And God isn't through with that nation of Israel yet. The Jew can't be lost. In every nation under heaven he can be found to-day, a walking reminder of God's plan. Every Jew, in whatever ghetto he may be found, is an unconscious prophecy of a coming fulfilment of God's purpose. The strange racial immortality of the Jew is a puzzle from every standpoint, except God's. He can't be killed off; though men have never ceased trying to kill him off. The Jew looms up bigger to-day than for many generations.

The present strange restless Jewish longing for national existence again, that will not down, spells out the coming victory of God's plan after centuries of failure. And even though the present tide may run out toward ebb, it will be to gather force for a new and fuller flood. When God's plan works out the world will have a wholly new idea of national life, and of a world-power without army or navy or any show of force, touching all men, and touching them only to bless.

And though King Saul failed, there was already the ruddy David, out among the sheep, waiting the anointing oil, and carrying about in his person his nation's greatest king.

Jesus' Judas failed to realize the promise of his earlier days. He struck the record note for baseness. But Paul was being prepared by blood inheritance and scholarly training. Under the touch of the Master's own hand he became the Church's greatest leader in its life-mission. If Judas struck the lowest note, Paul rang the changes on the highest note of personal loyalty to Jesus and to His world-wide passion and purpose.

And the Church has waked up. I said, you remember, last evening, that if you look over the whole history of the Church since its birthday on Pentecost, you are pained by the sore fact that the chief mission entrusted to it has been for the most part forgotten. There has been more forgetting of it, and neglecting it, than fulfilling it.

Yet always, be it keenly noted, in every generation of these centuries there have been those whose vision of Olivet never dimmed. There have always been those who have tried faithfully to carry out the Church's great mission. The darkest days have never been without some of the brightest light, made all the brighter by the surrounding night.

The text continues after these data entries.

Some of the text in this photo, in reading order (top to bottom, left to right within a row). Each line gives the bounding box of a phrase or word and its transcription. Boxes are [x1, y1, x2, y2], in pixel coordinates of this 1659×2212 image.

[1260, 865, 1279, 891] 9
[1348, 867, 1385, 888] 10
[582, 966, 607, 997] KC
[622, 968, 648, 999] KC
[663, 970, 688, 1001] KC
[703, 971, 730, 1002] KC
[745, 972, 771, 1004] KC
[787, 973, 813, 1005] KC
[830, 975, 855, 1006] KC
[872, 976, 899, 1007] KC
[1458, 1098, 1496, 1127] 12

The Revised Missionary Motto.

But there's a new chapter of the Church's life being written as we talk together. Its writing began in the closing twilight of the eighteenth century. That chapter isn't finished yet. Some of its best pages are now being written, with more and better clearly coming.

Its first lines were written by a very common pen. Carey's English cobbler-shop became a sounding-board whose insistent, ringing messages began to waken the Church. The Church is waking up, and shaking itself, and tightening on its clothes, for the greatest work yet to be done in fulfilling the life-mission entrusted to it.

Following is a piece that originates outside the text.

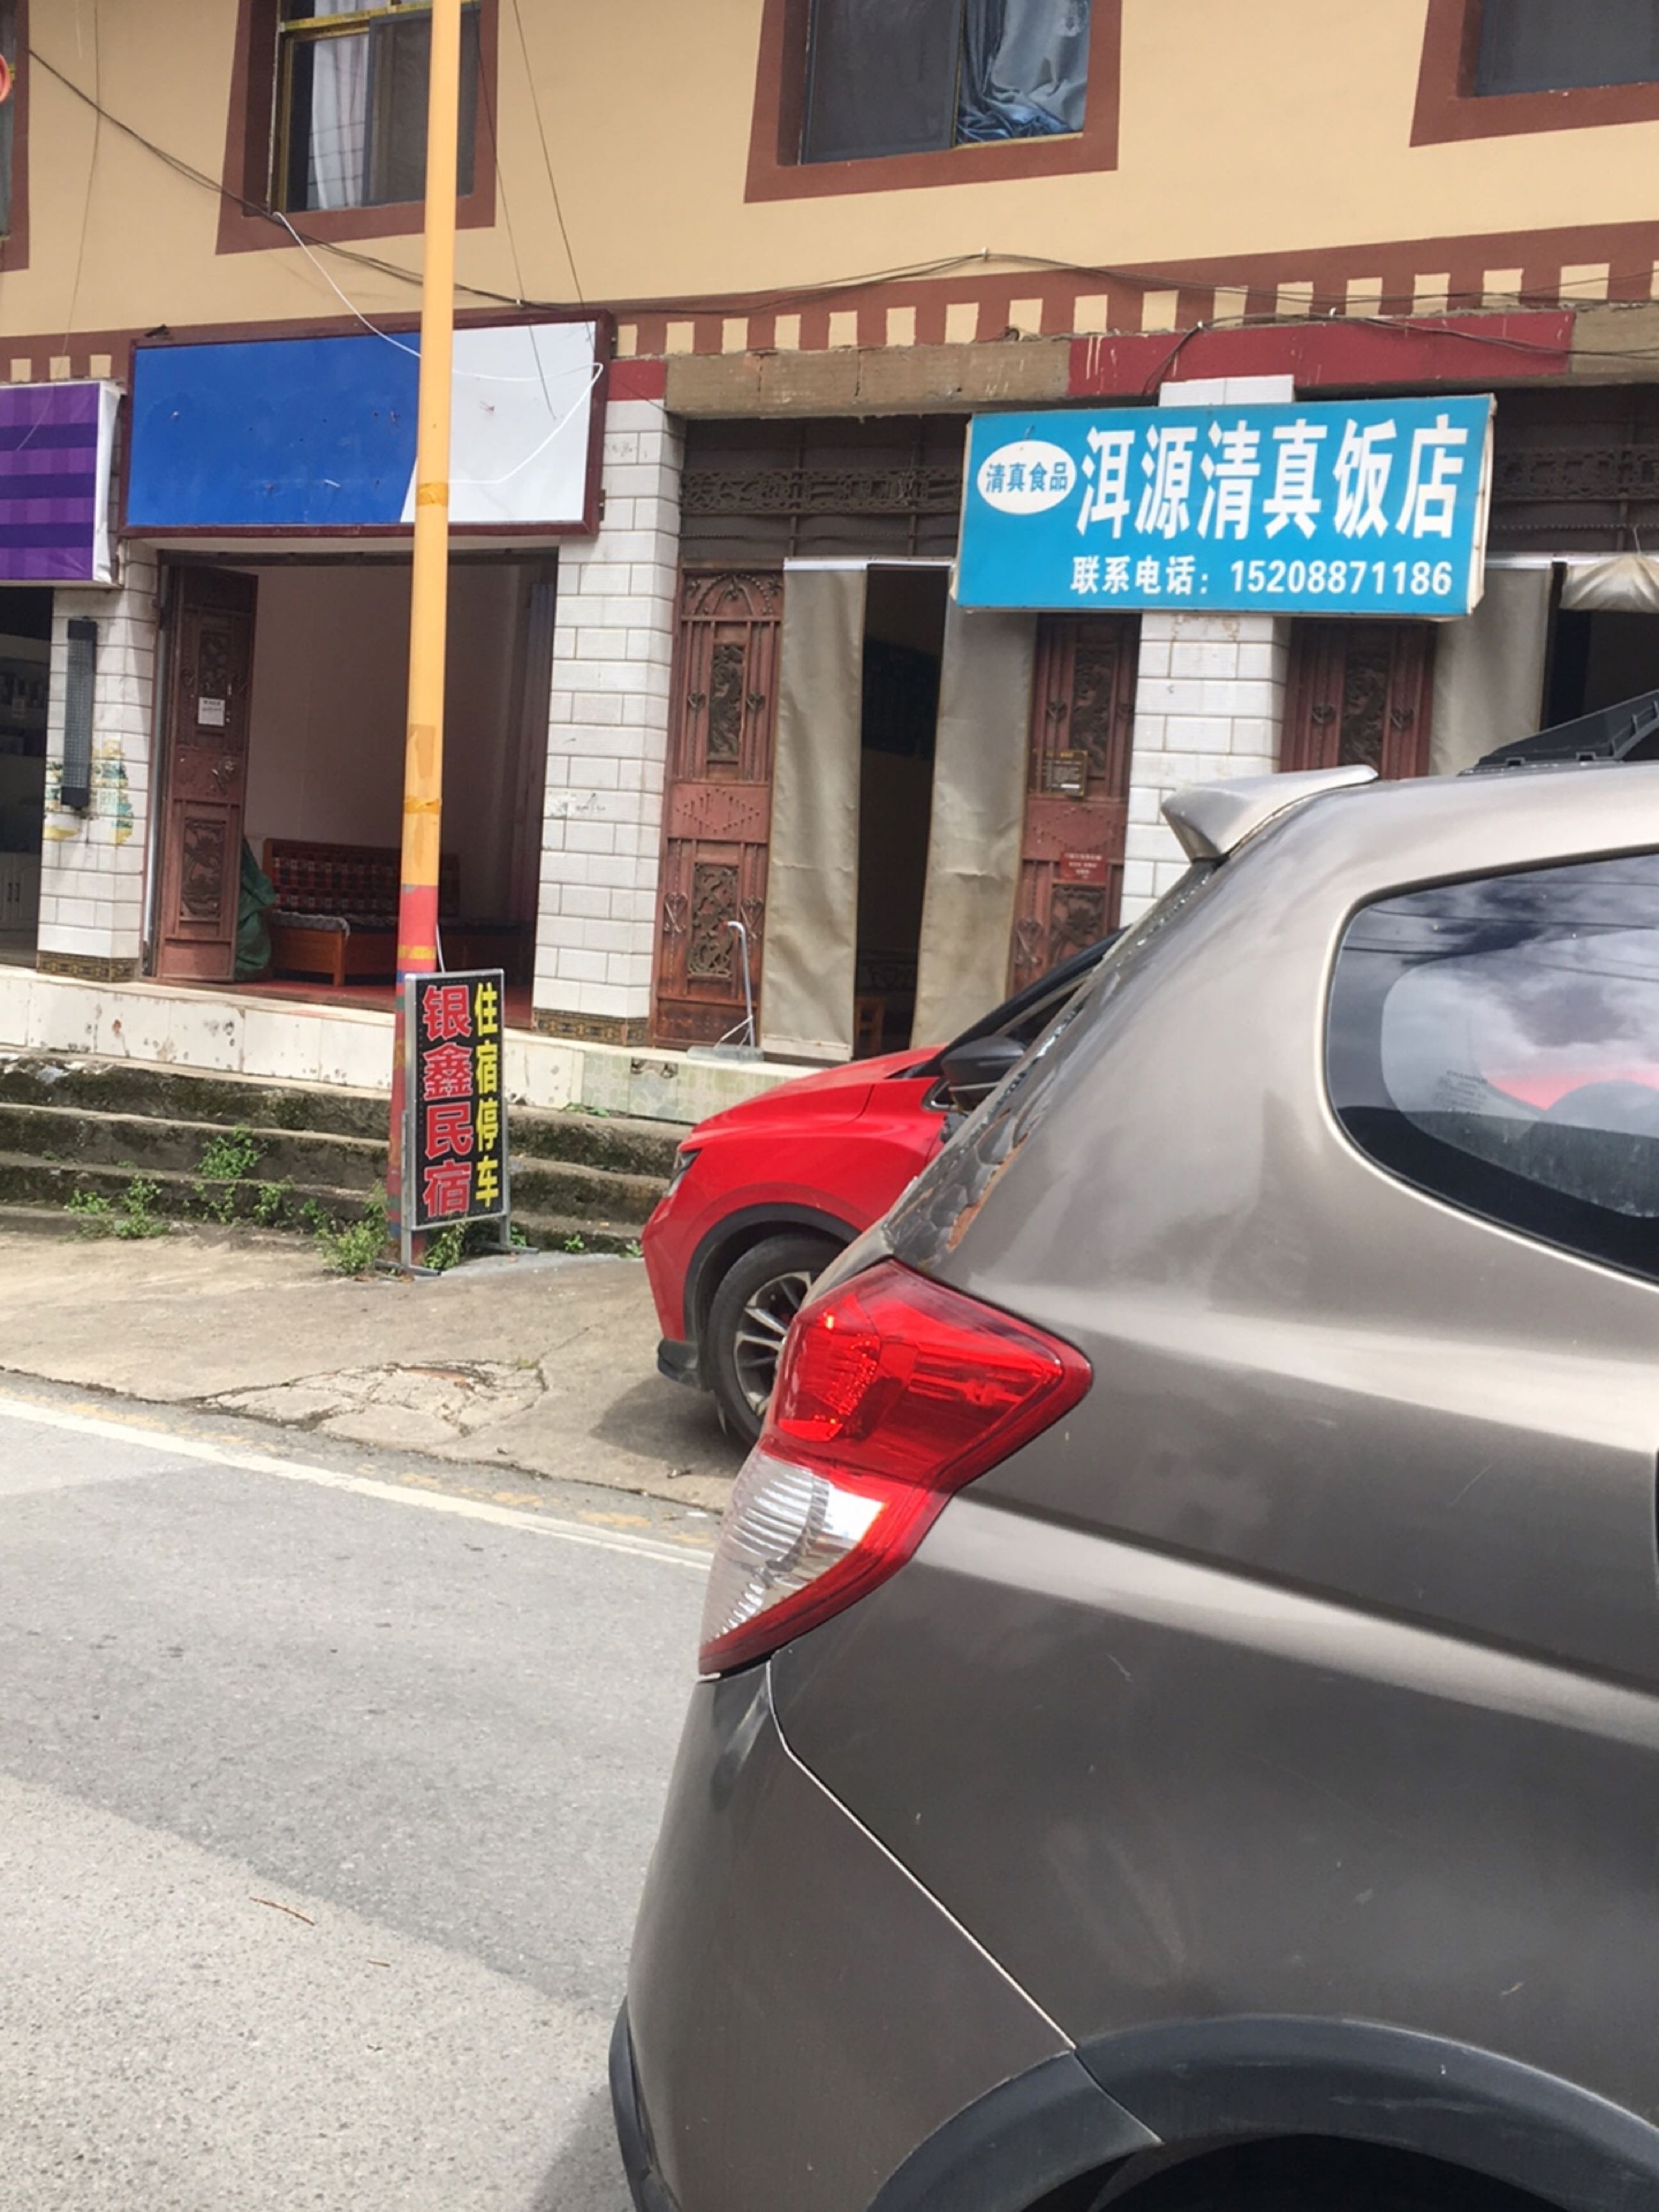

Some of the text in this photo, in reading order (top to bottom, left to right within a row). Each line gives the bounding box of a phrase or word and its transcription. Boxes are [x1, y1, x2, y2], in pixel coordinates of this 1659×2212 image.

A hundred years ago the fire of God found fresh kindling stuff in the hearts and brains of a few young college fellows in an old New England village. The sore need of the world crowded in upon them by night and by day. But they were few, and young, and unknown. And the task was stupendous. The rain-storm of a Sabbath afternoon drove them to the shelter of a hay-stack. And the storm of the world's need drove them to the shelter of prayer, and then to the shelter of a great purpose. With simple faith in God, and strong devotion to the great neglected task, they spoke out to the Church the thrilling words, "We can do it if we will".

And on that same spot a hundred years later the Church gathered. Those intense words had been heard. The Church had waked up. Men of long service in far-away lands stood with those of the home circle. They talked of the past, but far more of the present and future. They revised the century-old motto. No group of scholars in the Jerusalem Chamber of Westminster Abbey ever did finer revision work. They said, "We can do it,andwe will". No greater tribute to the memory of the faithful little hay-stack group was ever made than in that changed motto.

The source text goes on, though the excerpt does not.